J Am Chem Soc. 2017 Sep 13;139(36):12426-12429. doi: 10.1021/jacs.7b07563. Epub 2017 Sep 5.
The guanine quadruplex (G4) structure in DNA is a secondary structure motif that plays important roles in DNA replication, transcriptional regulation, and maintenance of genomic stability. Here, we employed a quantitative mass spectrometry-based approach to profile the interaction proteomes of three well-defined G4 structures derived from the human telomere and the promoters of cMYC and cKIT genes. We identified SLIRP as a novel G4-interacting protein. We also demonstrated that the protein could bind directly with G4 DNA with K values in the low nanomolar range and revealed that the robust binding of the protein toward G4 DNA requires its RRM domain. We further assessed, by using CRISPR-Cas9-introduced affinity tag and ChIP-Seq analysis, the genome-wide occupancy of SLIRP, and showed that the protein binds preferentially to G-rich DNA sequences that can fold into G4 structures. Together, our results uncovered a novel cellular protein that can interact directly with G4 DNA, which underscored the complex regulatory networks involved in G4 biology.

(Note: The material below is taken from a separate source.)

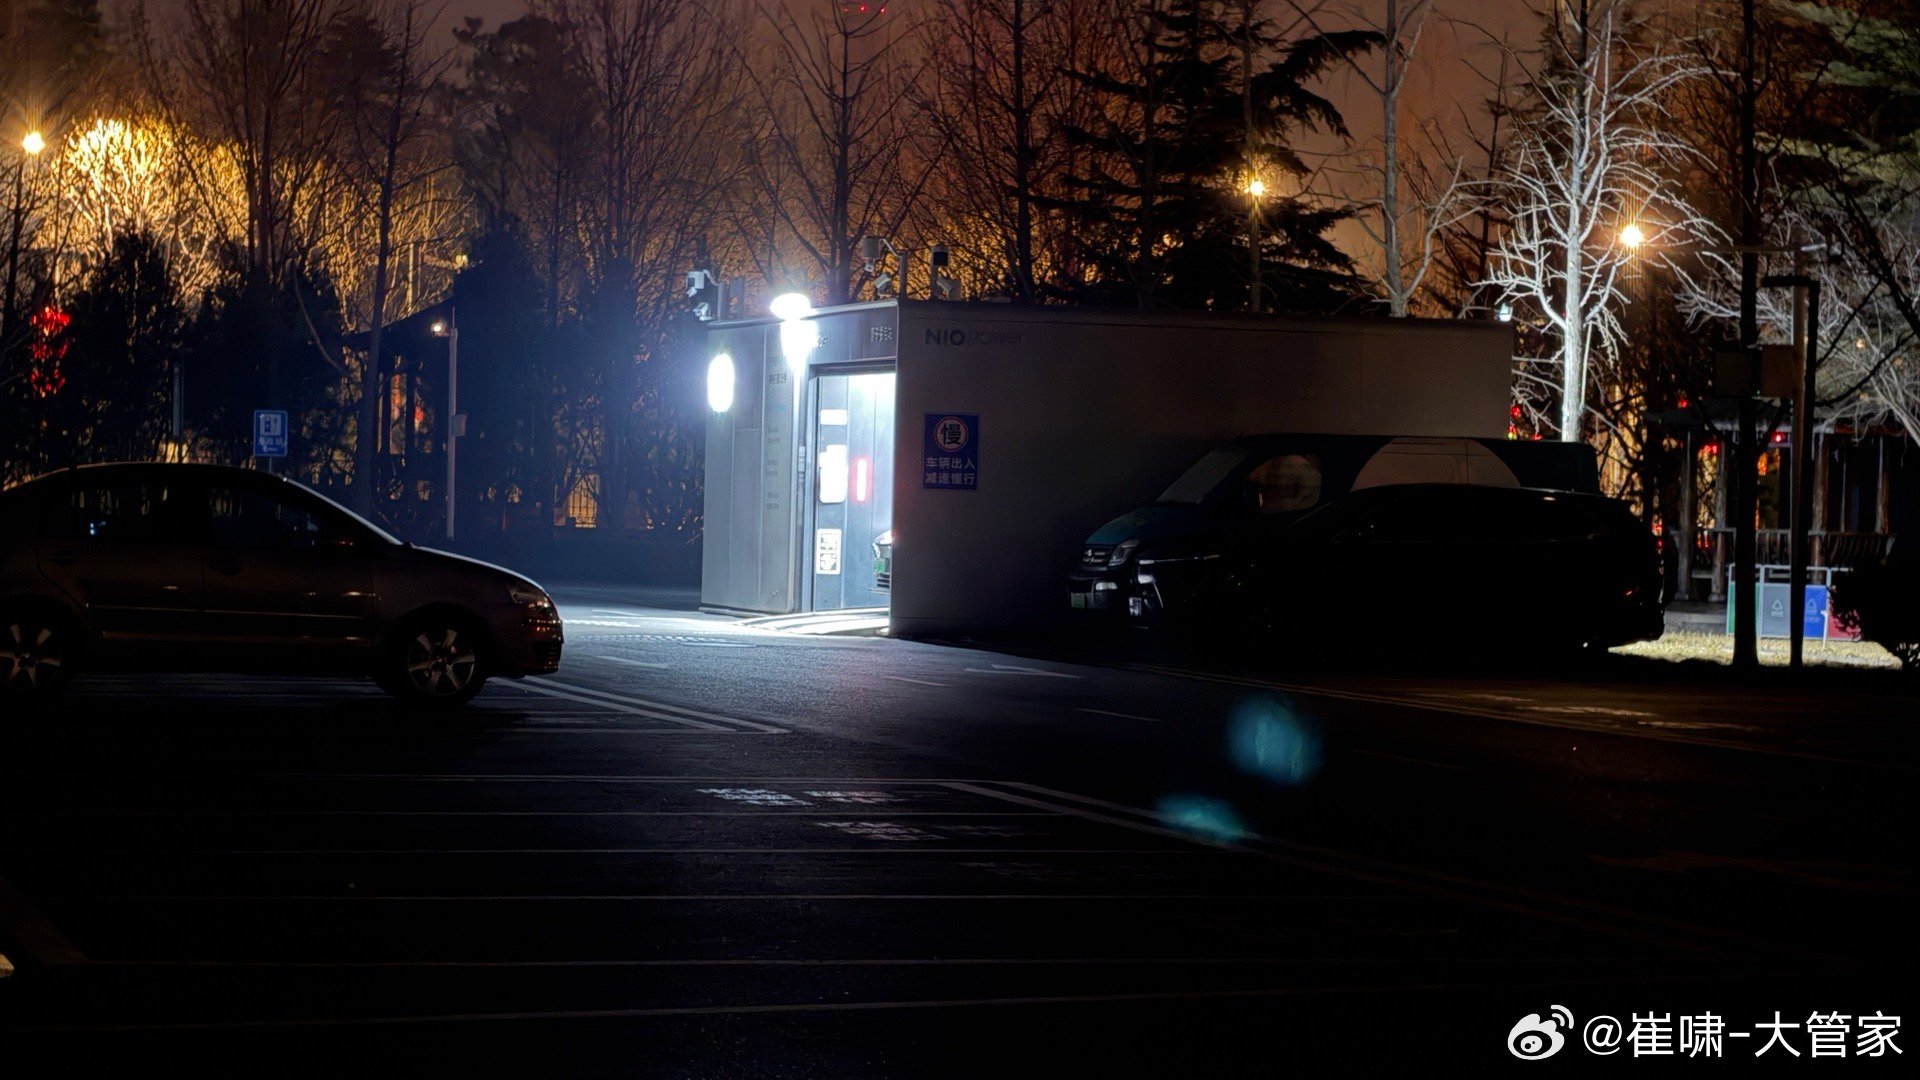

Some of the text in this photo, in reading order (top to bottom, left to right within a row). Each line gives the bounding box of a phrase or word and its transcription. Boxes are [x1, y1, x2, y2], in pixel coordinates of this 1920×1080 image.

[925, 328, 966, 346] NIO
[942, 423, 961, 445] 慢
[925, 456, 976, 470] 车辆出入

DNA 中的鸟嘌呤四链体 (G4) 结构是一种二级结构基序,在 DNA 复制、转录调控和基因组稳定性维持中发挥重要作用。在这里,我们采用了一种基于定量质谱的方法来描绘三种明确的 G4 结构的相互作用蛋白质组,这些 G4 结构来源于人类端粒和 cMYC 和 cKIT 基因的启动子。我们鉴定出 SLIRP 是一种新的 G4 相互作用蛋白。我们还证明,该蛋白可以与 G4 DNA 直接结合,Kd 值在纳摩尔范围内,并揭示了该蛋白对 G4 DNA 的强结合需要其 RRM 结构域。我们进一步通过使用 CRISPR-Cas9 引入的亲和标签和 ChIP-Seq 分析,评估了 SLIRP 的全基因组占有率,并表明该蛋白优先结合可以折叠成 G4 结构的富含 G 的 DNA 序列。总之,我们的研究结果揭示了一种可以直接与 G4 DNA 相互作用的新型细胞蛋白,这突显了 G4 生物学中涉及的复杂调控网络。